Saturday, February 22, 2014

Heavy on my Heart

Tim Tebow once said "I don't know what my future holds, but I do know who holds my future."
I have come back to this quote again and again, especially this month and especially this week. Going to the doctor and getting these risky tests done never seems to get any easier even with what I DO know. I have said it a hundred times and will say it hundreds more; I go back to what I know and not what I feel. I KNOW that God is good, God is faithful, and God is still God. The thing that is scary is what I DON'T know. I do not know what God's will is or what He will allow in my life, or  what He will call me to do.

I could not even fathom that four years ago today, February 22,2010, that I would be allowed to face the battle of a lifetime, a battle that would change me on the inside and the outside. Looking back, I cannot help but be amazed at the bountiful miracles that came my way. I have the most beautiful, spirited daughter, closer relationships with my family, new friends, and the largest army of prayers warriors just to name a few. These miracles are why I write about and remember that red letter day. The day of my diagnosis is like my New Year. New Year's Day is the time for people to reflect back on the previous year and make resolutions to better themselves or to better their lives. February 22nd is my time to reflect back on my new normal. It is a time to count my blessings, to express my gratitude, and to keep finding my silver linings. The biggest prayer of these last fours years, besides healing of course, is that this cancer journey would not be in vain but that so much good would come from it. Joel 2:25 says "I will repay you for the years the locusts have eaten..." Well, I have mourned for what I have lost, and I will now look forward with hope to see the abundance He has in store for me.
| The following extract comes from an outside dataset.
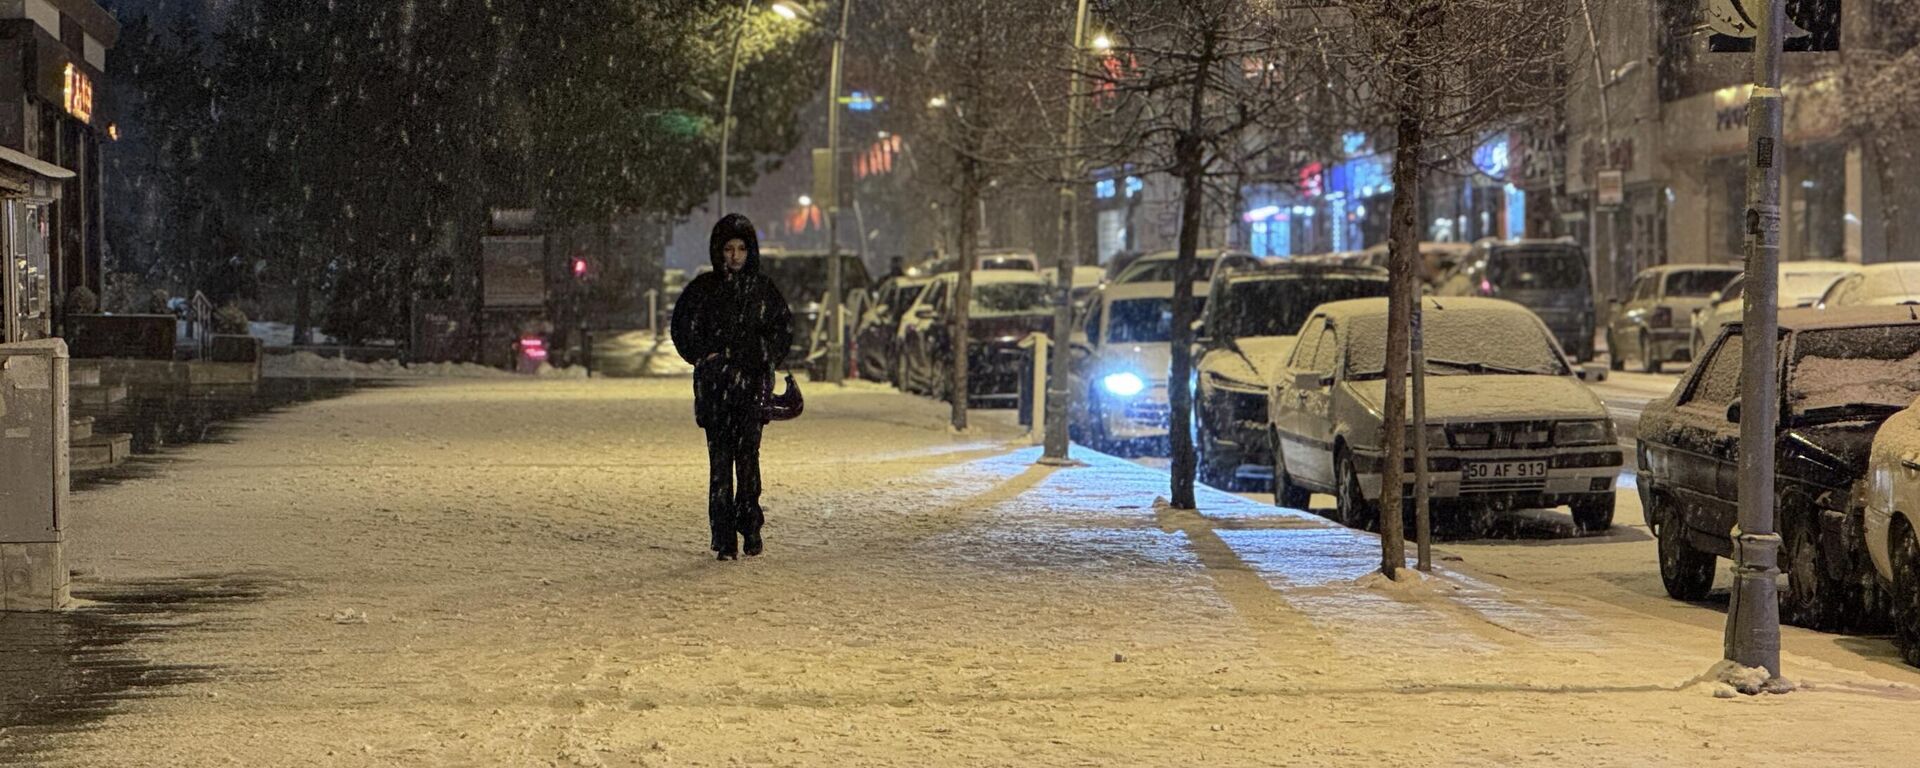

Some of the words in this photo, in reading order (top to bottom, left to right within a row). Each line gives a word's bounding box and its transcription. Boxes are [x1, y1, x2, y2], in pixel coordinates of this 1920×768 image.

[1470, 464, 1487, 477] 50
[1494, 463, 1512, 477] AF
[1518, 462, 1545, 476] 913
As for this present moment, I am relishing the peace that comes with having a clean scan, and I am praying that my meds will help with my thyroid. I am also prepping for another health conscious week. I have my heart ablation on Wed the 26th. Thankfully, I know Who goes on before me and who stands behind. On the upside, I can be grateful that going to the doctor is still a nerve-wracking experience because it definitely forces me to stay on my knees praying for peace, grace and mercy from the Ultimate Healer.